▶ **Task description**
When you copy the material below, keep every line exact and leave each picture out.

▶ **Supplied material**
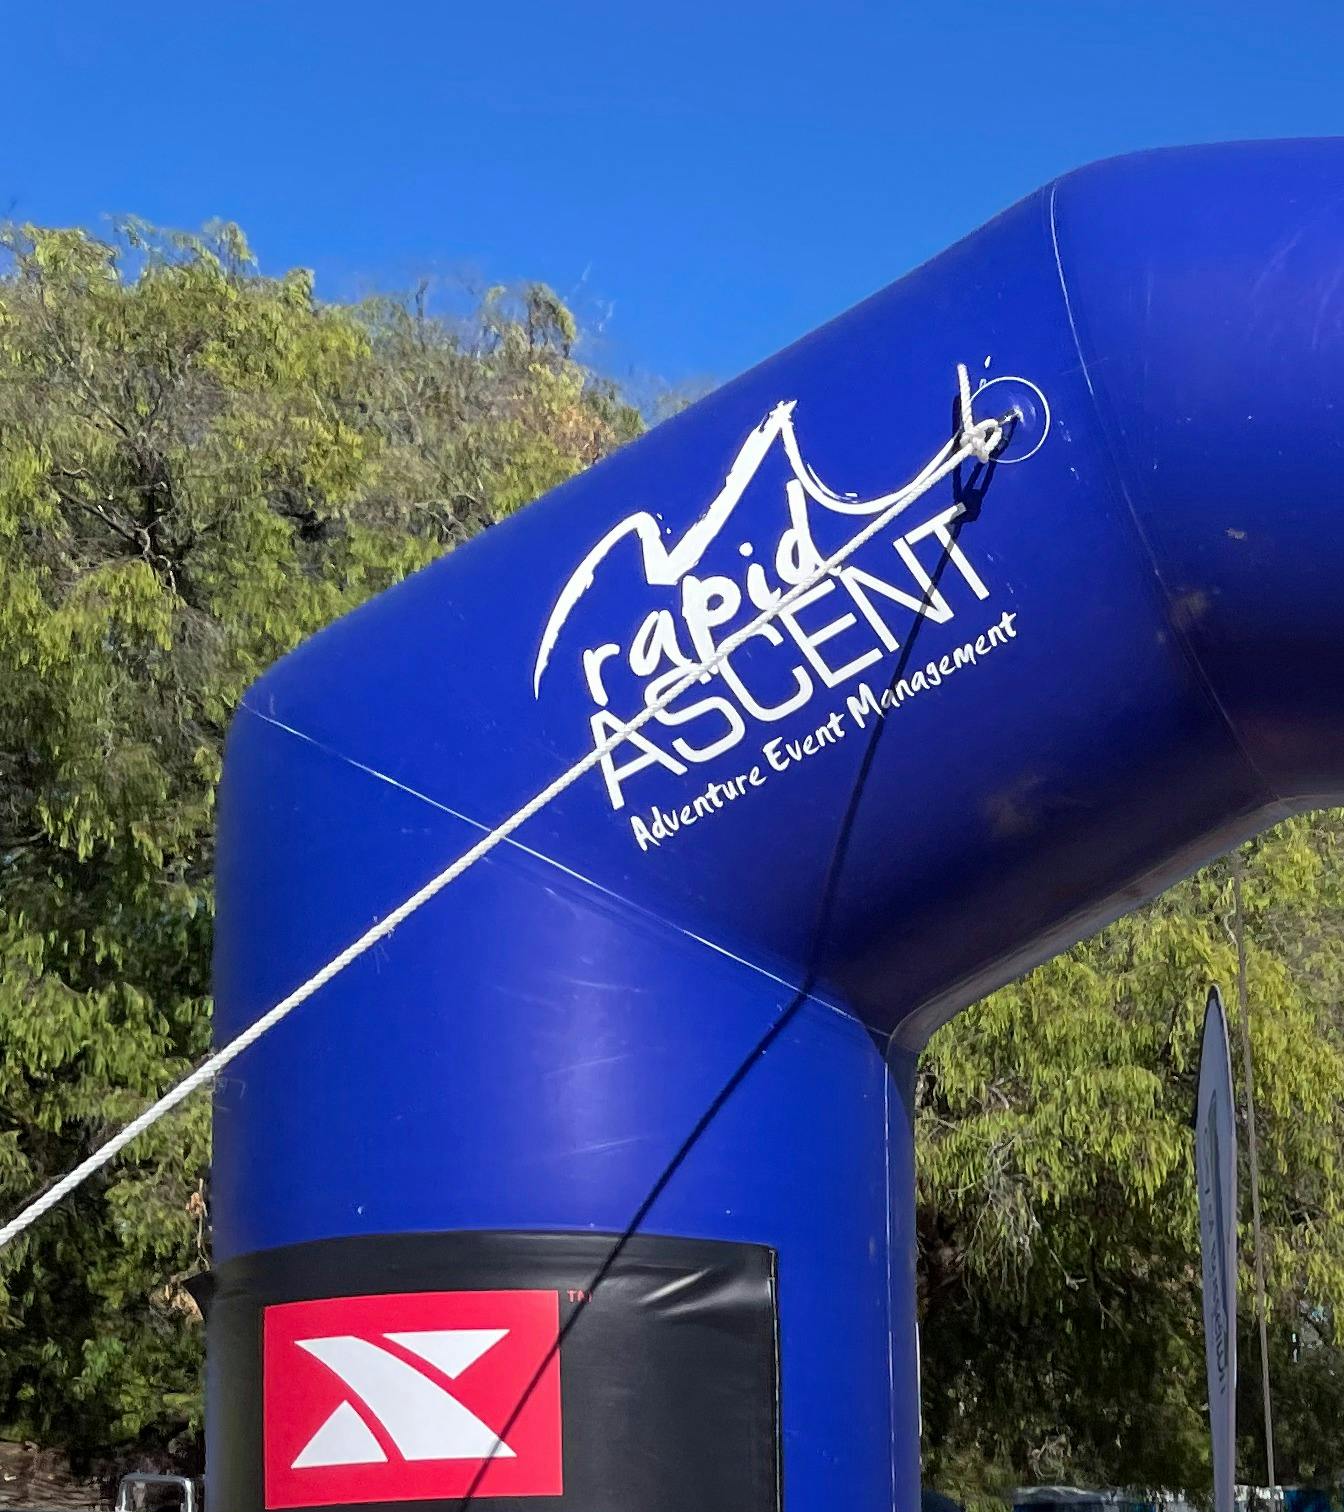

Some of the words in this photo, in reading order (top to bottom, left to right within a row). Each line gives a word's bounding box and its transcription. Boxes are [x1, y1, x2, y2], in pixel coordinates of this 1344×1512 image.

[590, 502, 990, 810] ASCENT
[628, 764, 767, 851] Adventure
[762, 711, 846, 773] Event
[848, 611, 1018, 729] Management

▶ **Exercise solution**
Some of the words in this photo, in reading order (top to bottom, left to right within a row). Each line gives a word's bounding box and its transcription. Boxes are [x1, y1, x2, y2], in pixel coordinates of this 1344×1512 image.

[590, 502, 990, 810] ASCENT
[628, 764, 767, 851] Adventure
[762, 711, 846, 773] Event
[848, 611, 1018, 729] Management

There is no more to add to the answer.